City & County of San Francisco v. Superior Court

GRODIN, J.

I concur.

I agree with my respected colleagues that the challenged statutory provision does not deprive the real parties in interest of due process of *885law or the equal protection of the law. I would add to their analysis the following observations.

As this court observed in Arcelona v. Municipal Court (1980) 113 Cal.App.3d 523, 529 [169 Cal.Rptr. 877], “the standards of criminal discovery enunciated in Pitchess evolved ‘in the absence of legislation’ [citations],” and the “scope of disclosure ... once generally permitted under established Pitchess principles ... is now circumscribed under the statutory scheme.” (Id., at pp. 530-531.) Reasonable circumscription is constitutionally permissible, since in a criminal case the right to a fair trial does not require that defendants have access to all potentially exonerating evidence (Pitchess v. Superior Court (1974) 11 Cal.3d 531, 538 [113 Cal.Rptr. 897, 522 P.2d 305]), and in determining whether a particular circumscription is reasonable, it is appropriate to take policy considerations other than the defendant’s fair trial interests into account. (People v. Blackburn (1976) 56 Cal.App.3d 685, 690 [128 Cal.Rptr. 864].) Privacy interests are clearly entitled to countervailing weight. (Arcelona v. Municipal Court, supra, 113 Cal.App.3d at pp. 531-532.) In that context, I agree that limitation of discovery to a period coextensive with the legislative mandate for retention of records is not unreasonable.

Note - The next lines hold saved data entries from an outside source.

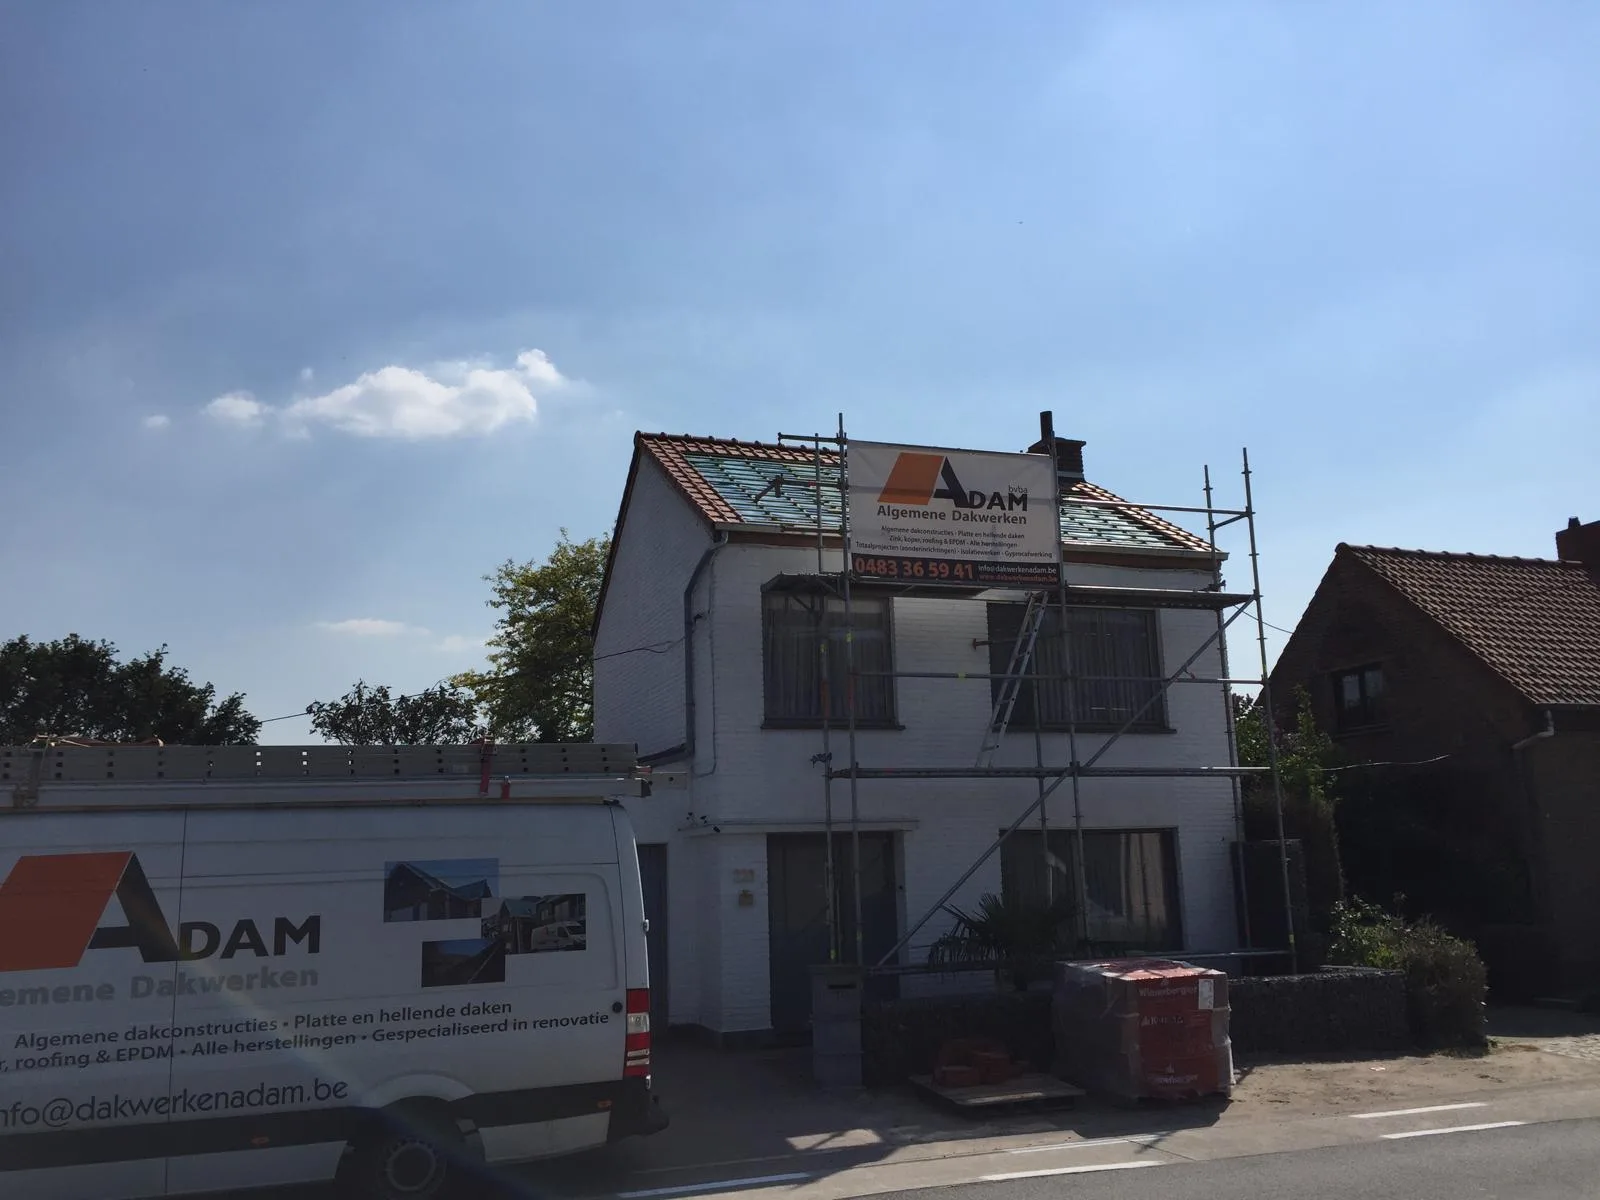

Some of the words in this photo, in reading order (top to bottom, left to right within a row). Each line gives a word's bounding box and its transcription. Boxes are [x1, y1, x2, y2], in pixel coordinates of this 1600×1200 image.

[933, 456, 1028, 511] ADAM
[1008, 485, 1028, 494] bvba
[877, 505, 946, 520] Algemene
[952, 510, 1027, 525] Dakwerken
[881, 525, 910, 533] Algemene
[855, 558, 898, 576] 0483
[902, 560, 924, 577] 36
[928, 561, 950, 578] 59
[954, 563, 974, 579] 41
[978, 564, 1056, 574] info@dakwerkenadam.be
[87, 851, 321, 963] ADAM
[130, 967, 319, 999] Dakwerken
[14, 1033, 118, 1052] Algemene
[124, 1018, 278, 1042] dakconstructies
[294, 1013, 347, 1029] Platte
[352, 1011, 374, 1024] en
[379, 1003, 456, 1023] hellende
[460, 1000, 512, 1017] daken
[15, 1052, 90, 1071] roofing
[95, 1049, 111, 1063] &
[116, 1044, 173, 1063] EPDM
[191, 1037, 229, 1056] Alle
[233, 1032, 357, 1054] herstellingen
[372, 1018, 508, 1044] Gespecialiseerd
[513, 1018, 528, 1031] in
[532, 1012, 609, 1030] renovatie
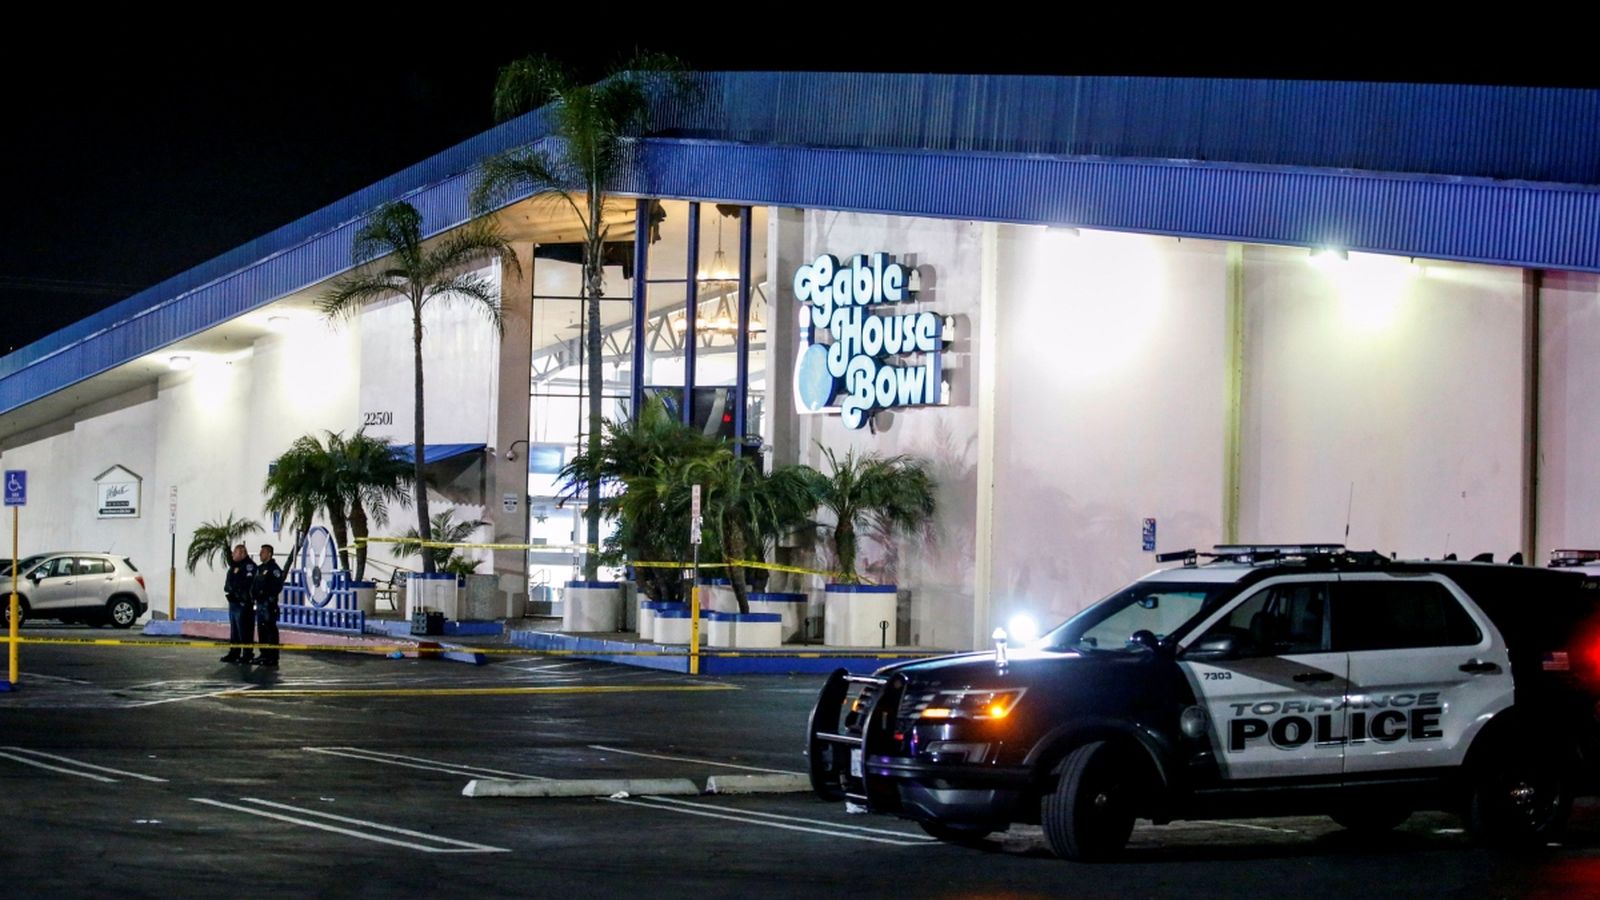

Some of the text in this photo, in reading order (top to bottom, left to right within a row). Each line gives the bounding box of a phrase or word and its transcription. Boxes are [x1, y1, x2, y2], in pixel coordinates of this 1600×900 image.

[794, 252, 906, 328] Gable
[828, 307, 940, 378] House
[841, 352, 939, 430] Bowl
[364, 411, 393, 426] 22501
[1203, 672, 1232, 681] 7303
[1229, 692, 1441, 716] TORRANCE
[1228, 707, 1444, 753] POLICE
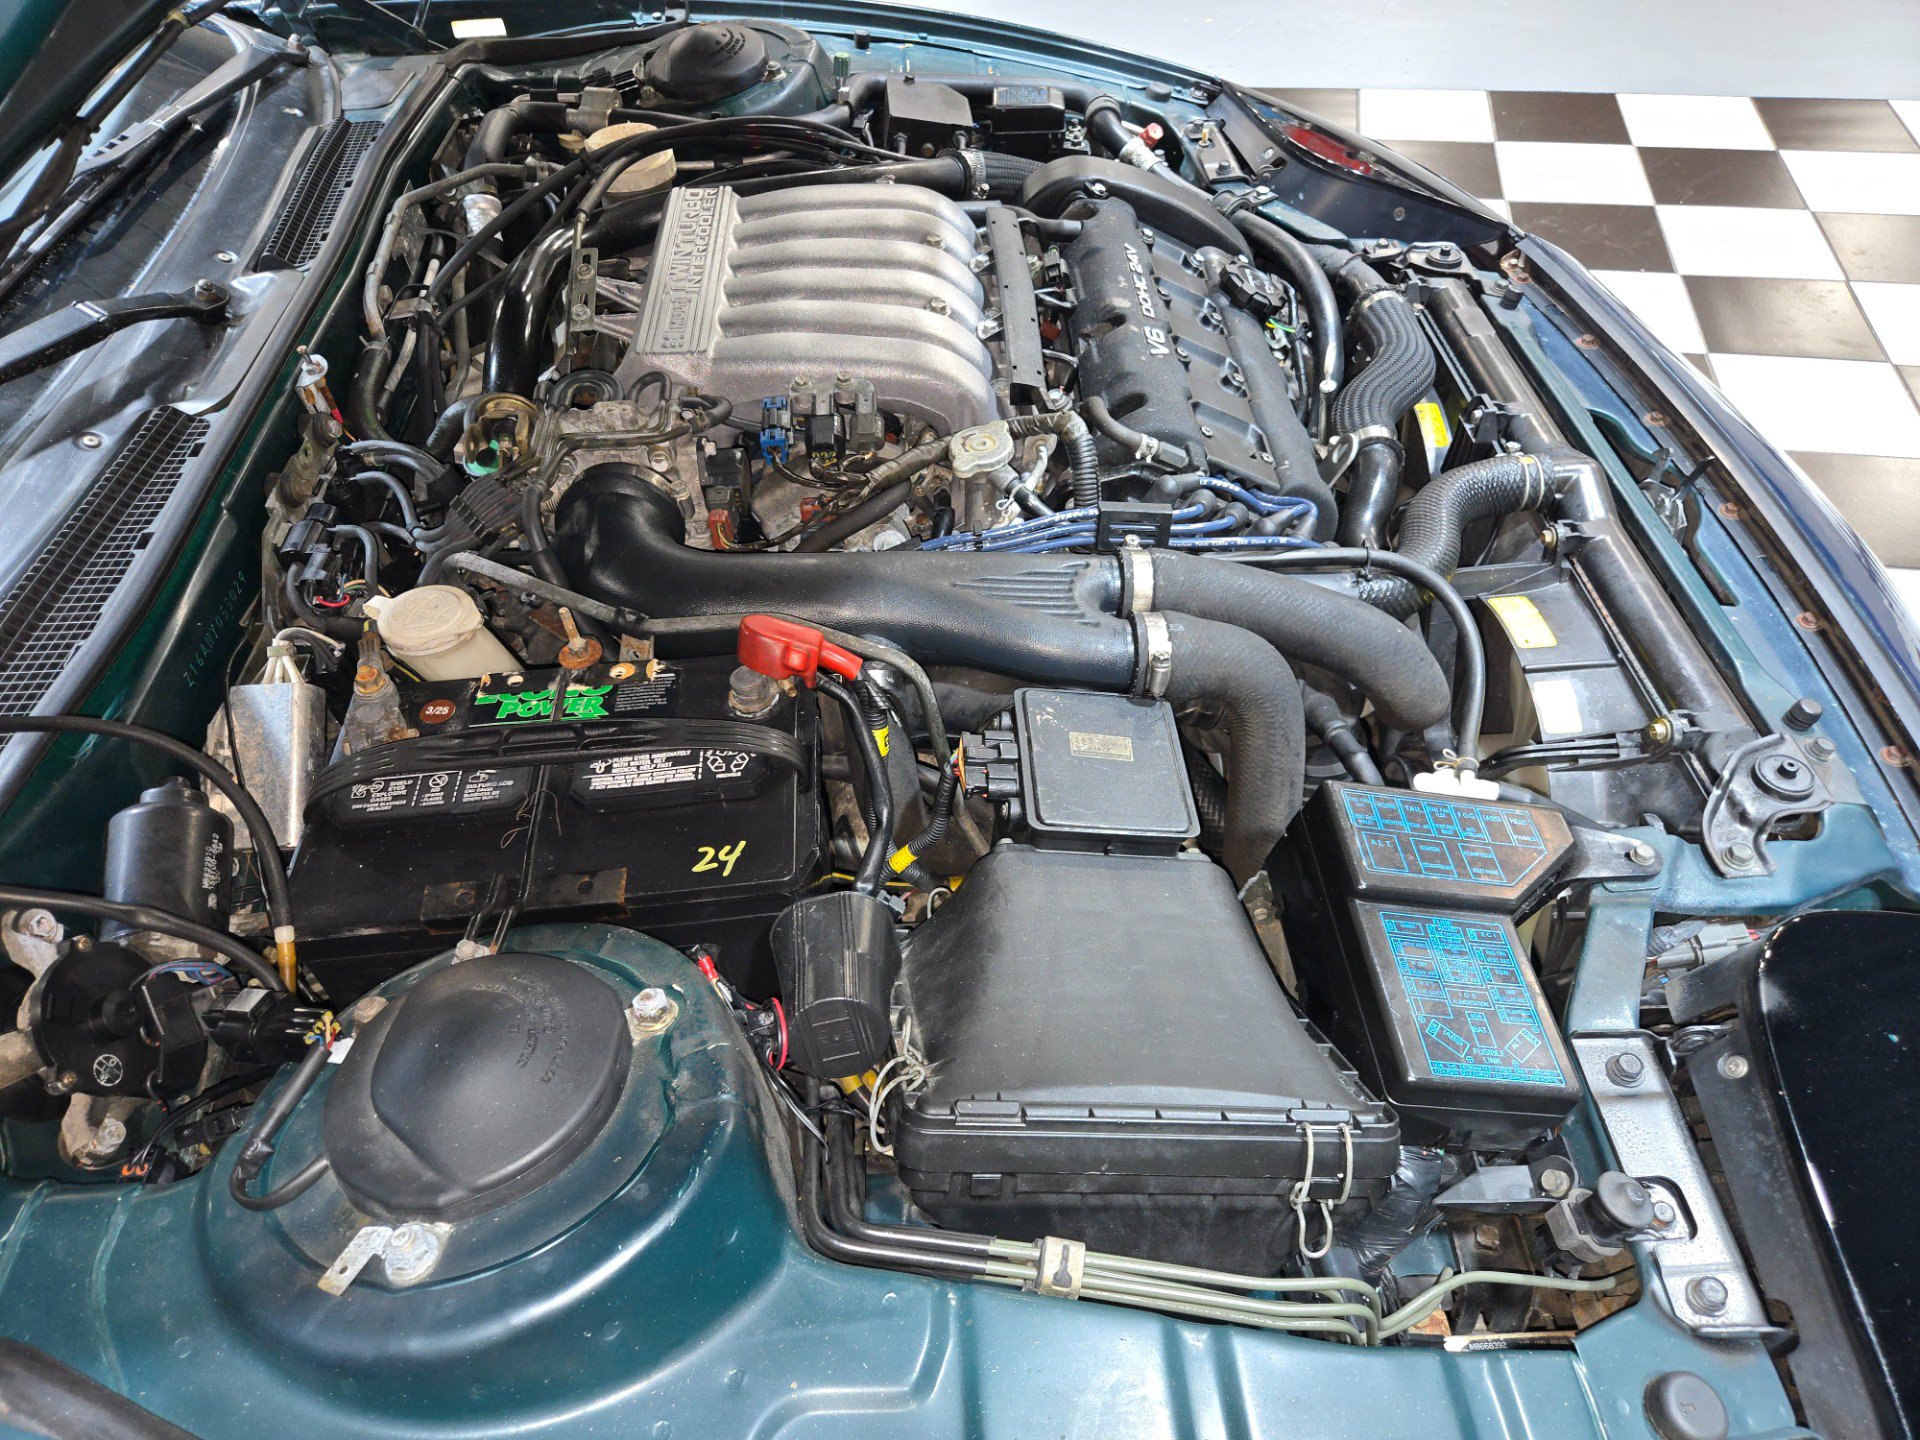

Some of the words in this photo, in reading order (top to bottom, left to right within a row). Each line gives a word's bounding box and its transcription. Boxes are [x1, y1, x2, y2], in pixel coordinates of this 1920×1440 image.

[685, 188, 719, 294] INTERCOOLER
[1123, 242, 1143, 274] 24V
[1132, 273, 1155, 319] DOHC
[1143, 326, 1170, 355] V6
[1212, 479, 1240, 492] POWER
[424, 705, 449, 716] 3/25
[495, 696, 609, 719] POWER
[651, 750, 691, 759] IMMEDIATELY
[656, 761, 673, 769] FAST
[465, 781, 498, 789] SULFURIC
[371, 789, 408, 798] EXPLOSIVE
[1405, 804, 1424, 813] TAIL
[1457, 811, 1477, 820] FOG
[691, 840, 747, 877] 24
[1473, 1047, 1507, 1058] FUSIBLE
[1482, 1056, 1503, 1066] LINK
[1469, 1341, 1507, 1350] MB668392

The real parties’ equal protection claim would have us compare the discovery available under the statute to persons accused of assaulting police officers with the arguably less restricted discovery available to persons accused of assaulting others. Assuming that these are cognizable categories for purposes of equal protection analysis, I am not persuaded that the strict scrutiny test applies. That test is not triggered simply because a fundamental right is in the picture, but only when a “statutory classification significantly interferes with the exercise of a fundamental right.” (Zablocki v. Redhail (1978) 434 U.S. 374, 388 [54 L.Ed.2d 618, 631, 98 S.Ct. 673].) In Zablocki, the court characterized the right to marry as “fundamental,” but cautioned: “we do not mean to suggest that every state regulation which relates in any way to the incidents of or prerequisites for marriage must be subjected to rigorous scrutiny. To the contrary, reasonable regulations that do not significantly interfere with decisions to enter into the marital relationship may legitimately be imposed.” (434 U.S. at p. 386 [54 L.Ed.2d at p. 631].) Here, similarly, the right to discovery as part of due process is “fundamental,” but since we have deemed the five-year limitation to be reasonable and not violative of due process, that limitation is to be tested for equal protection purposes by familiar standards of rational *886relationship. Since the challenged statute was adopted in apparent response to a court decision involving discovery of police officer records, and since police officers have an exposure to citizen complaints and to discovery which most other employees, public or private, do not have, I have no trouble concluding that the statute does not offend the equal protection guarantees of either the federal or state Constitutions.

A petition for a rehearing was denied December 22, 1981, and the opinion was modified to read as printed above. The petition of real parties in interest for a hearing by the Supreme Court was denied January 27, 1982.